# Mol/Dm3 or G/Dm3?

Watch
Announcements
#1
In my GCSE revision guide, it says that the concentration of something is the mass/volume... but when doing titrations, the formula to find the concentration can also be number of moles/volume.

Which formula should I use: Mass/Volume, or Moles/Volume?
Thank you 😃
Last edited by Alessandro.C_27; 2 years ago
0
2 years ago
#2
You can use both it depends what information you are given in the question
1
2 years ago
#3
Both are valid forms, usually concentration will be given in mole/volume.
If you need to change between moles and mass just use Mass = Mr * Mole
1
2 years ago
#4
(Original post by Alessandro.C_27)
In my GCSE revision guide, it says that the concentration of something is the mass/volume... but when doing titrations, the formula to find the concentration can also be number of moles/volume.

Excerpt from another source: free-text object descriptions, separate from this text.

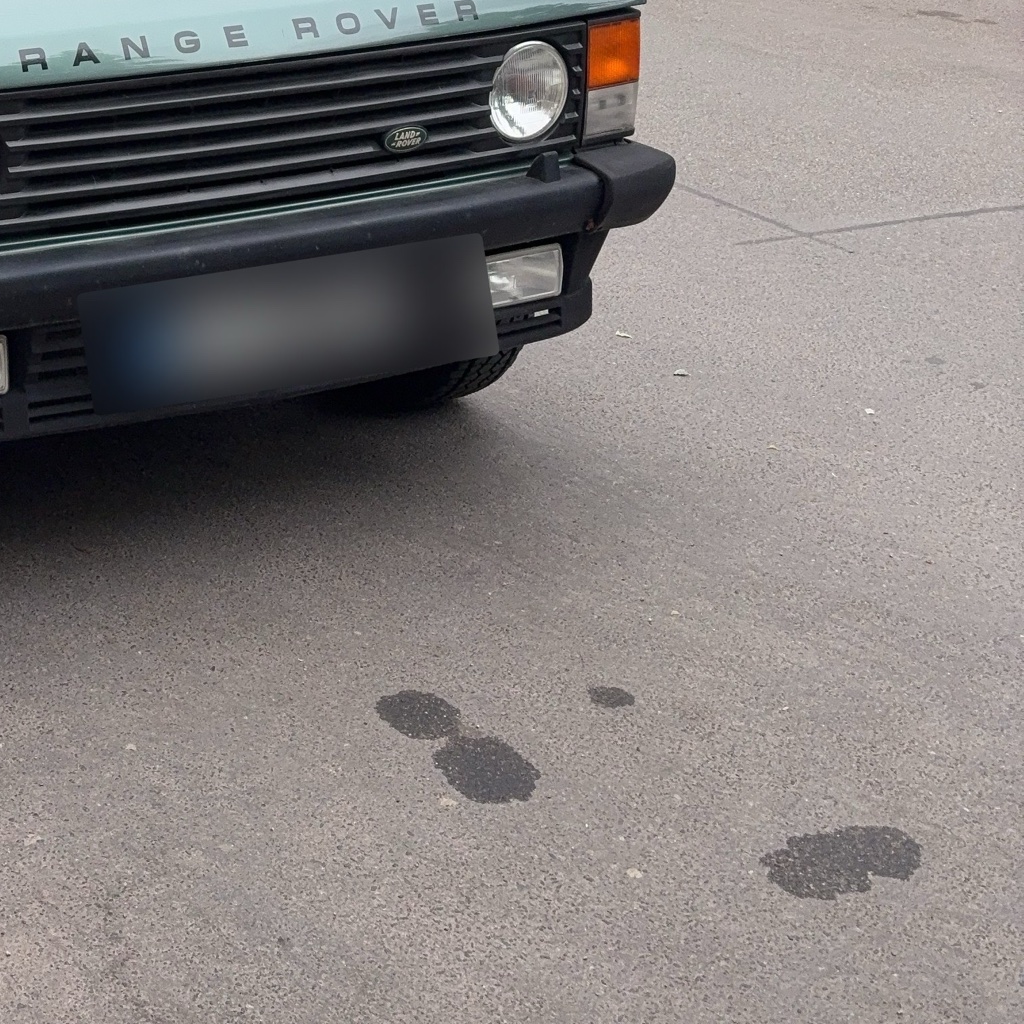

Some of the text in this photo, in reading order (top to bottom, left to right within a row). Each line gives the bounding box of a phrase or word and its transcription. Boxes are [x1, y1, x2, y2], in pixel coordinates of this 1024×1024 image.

[17, 0, 480, 74] RANGE ROVER
[394, 130, 416, 141] LAND
[395, 136, 422, 148] ROVER
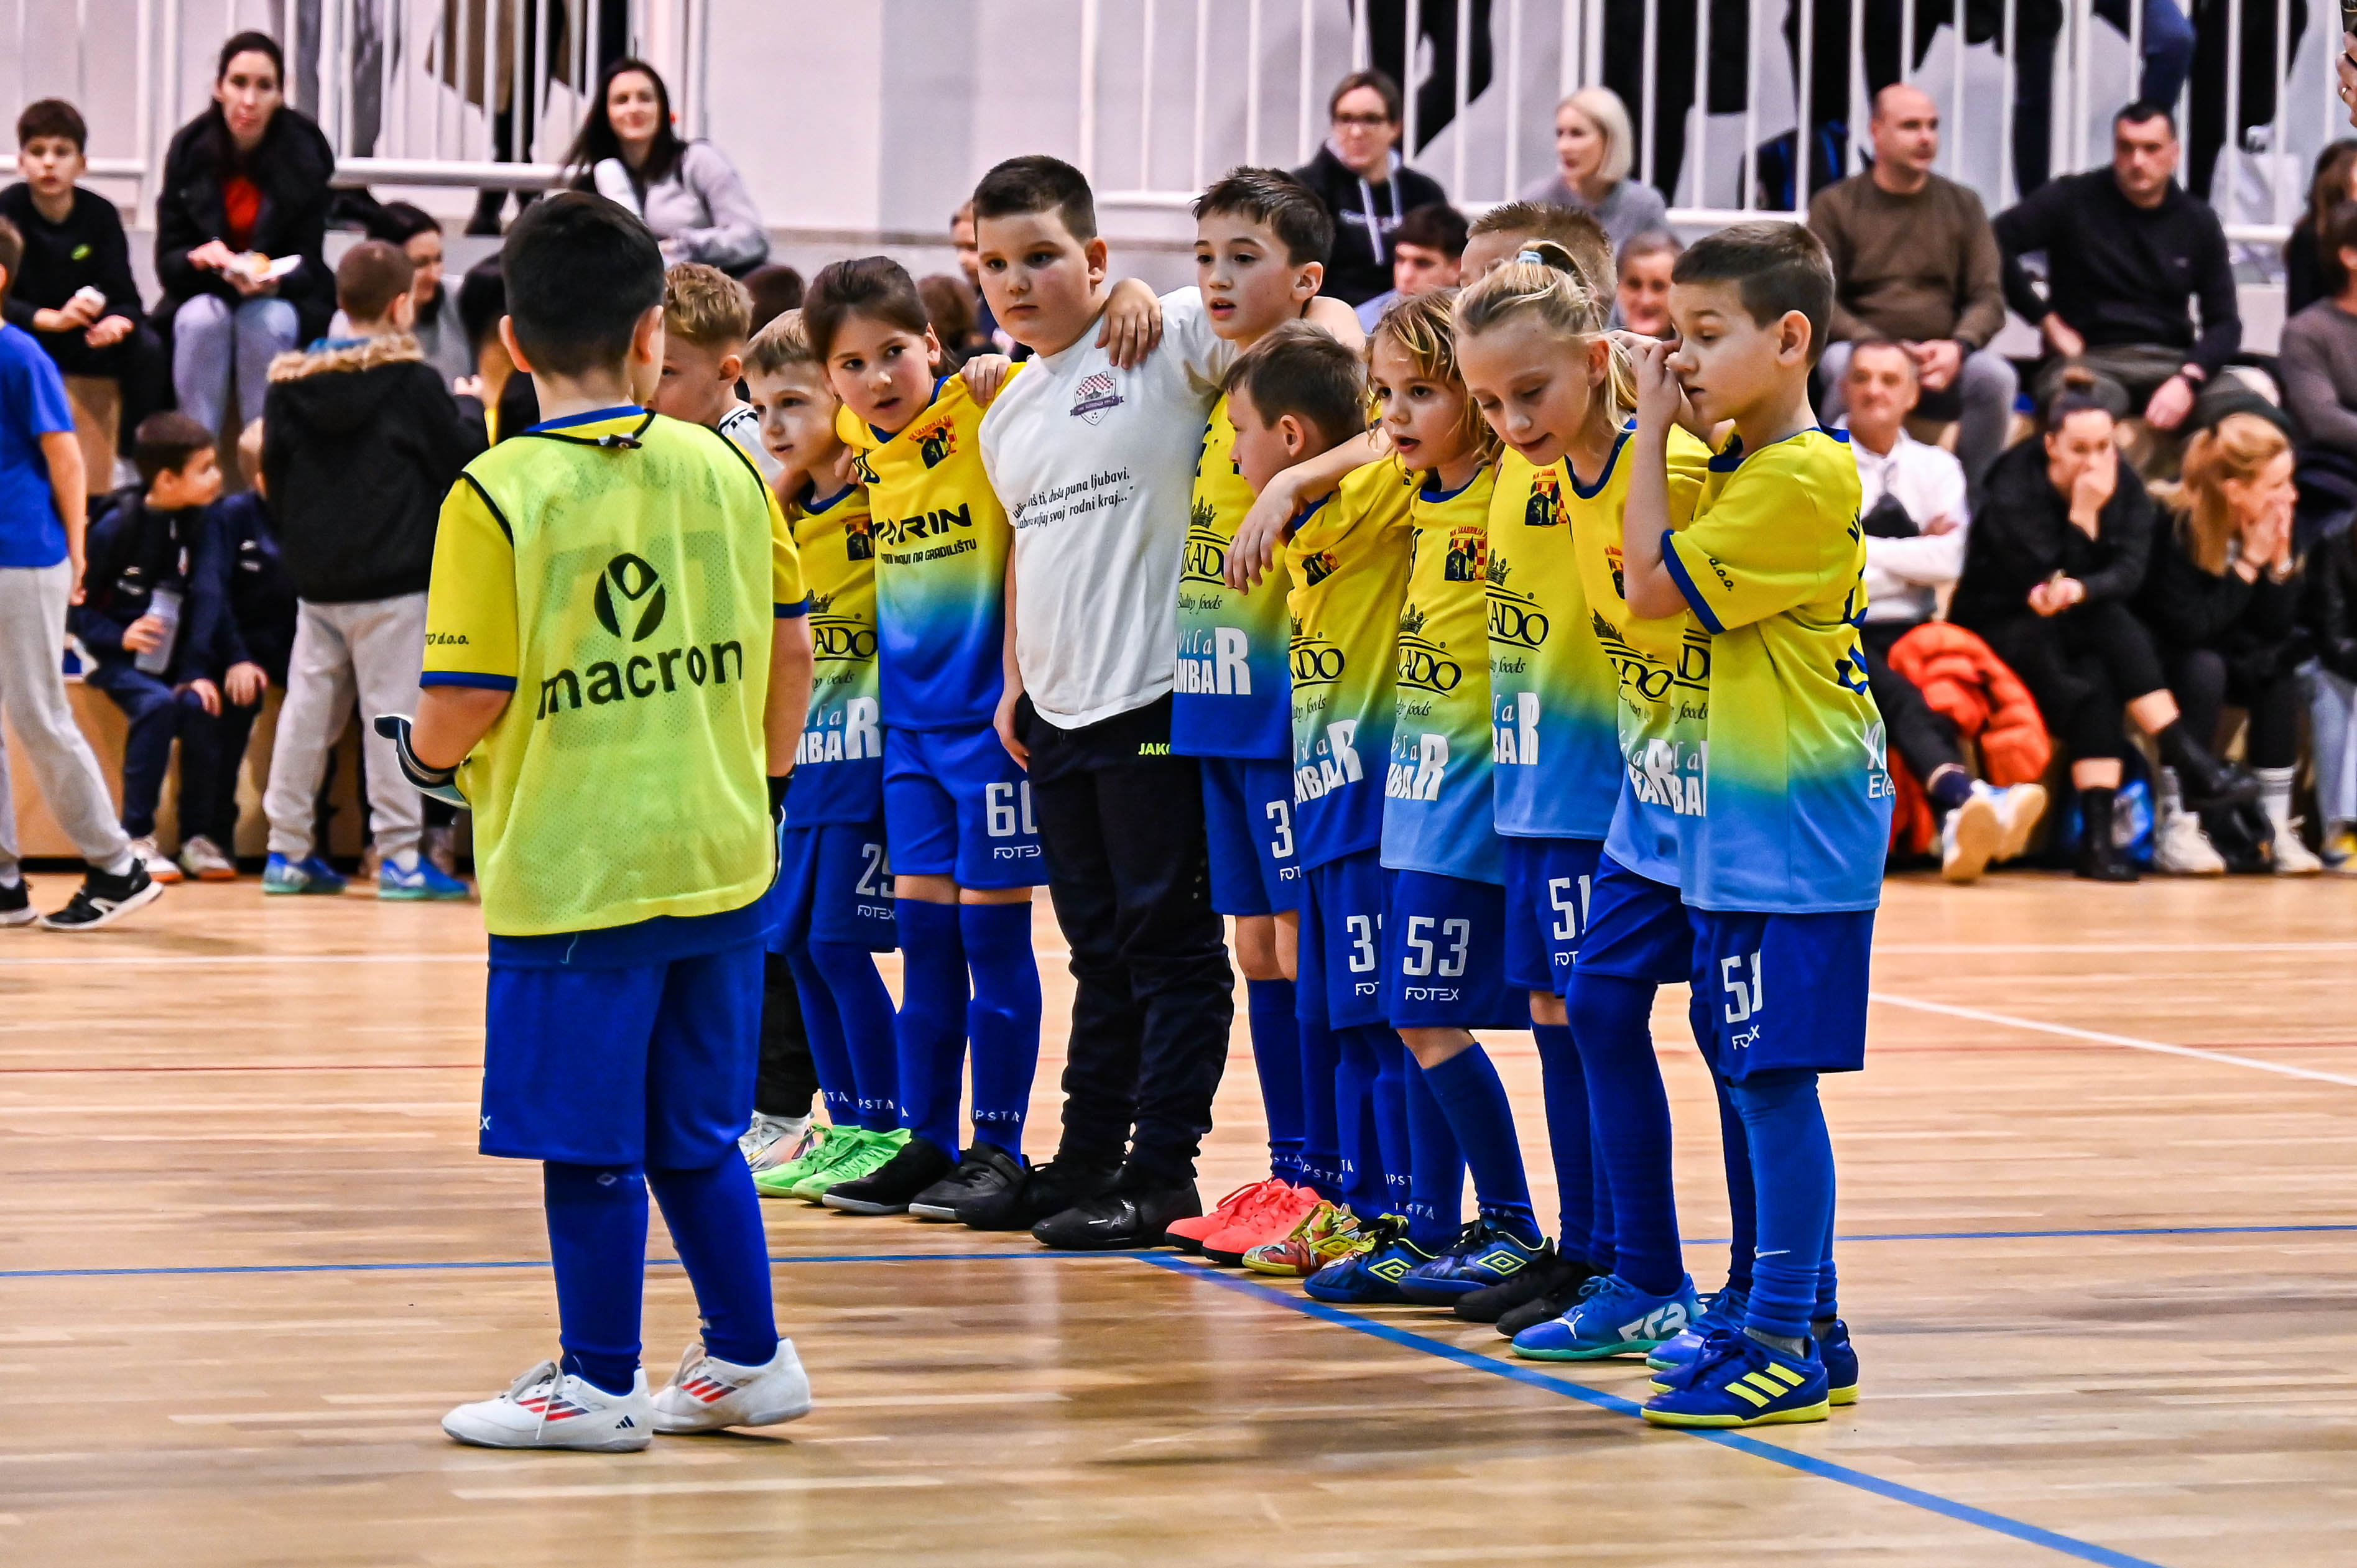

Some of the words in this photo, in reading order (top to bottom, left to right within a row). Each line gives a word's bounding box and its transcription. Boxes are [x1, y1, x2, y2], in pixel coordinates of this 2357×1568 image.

[1065, 481, 1088, 500] puna
[1091, 466, 1130, 491] ljubavi.
[1050, 505, 1065, 522] svoj
[1070, 496, 1095, 517] rodni
[925, 538, 977, 561] GRADILIŠTU
[1486, 598, 1549, 646] ADO
[437, 632, 470, 645] d.o.o.
[813, 626, 878, 658] ADO
[537, 640, 742, 720] macron
[1279, 865, 1302, 882] FOT
[857, 904, 896, 920] FOTEX
[1346, 913, 1382, 972] 3
[1402, 915, 1470, 977] 53
[1554, 951, 1579, 967] FOT
[1405, 987, 1459, 1001] FOTEX
[1386, 1173, 1413, 1186] IPST

Which formula should I use: Mass/Volume, or Moles/Volume?
Thank you 😃
In the revision guide, it's explaining the general principle. If you were describing the 'concentration' of sugar in your tea, you'd talk about the 'amount' of sugar you'd put in the cup. And you'd ordinarily describe 'amount' in terms of mass - thus, mass/volume is a way of describing concentration.

Being more scientific about it, 'mass' doesn't properly describe 'amount of substance', because different atoms have a different mass, relative to one another. As you know, 'amount of substance' is properly masured in moles, and thus concentration is moles/volume. You'll see this written differently as mol.dm-3, mol/dm3, mol/L, mol.L-1, 'M'...
Last edited by Reality Check; 2 years ago
1
#5
Thank you for the info guys... I understand it now
(Original post by Becca216)
You can use both it depends what information you are given in the question
(Original post by ThatGuy107)
Both are valid forms, usually concentration will be given in mole/volume.
If you need to change between moles and mass just use Mass = Mr * Mole
(Original post by Reality Check)
In the revision guide, it's explaining the general principle. If you were describing the 'concentration' of sugar in your tea, you'd talk about the 'amount' of sugar you'd put in the cup. And you'd ordinarily describe 'amount' in terms of mass - thus, mass/volume is a way of describing concentration.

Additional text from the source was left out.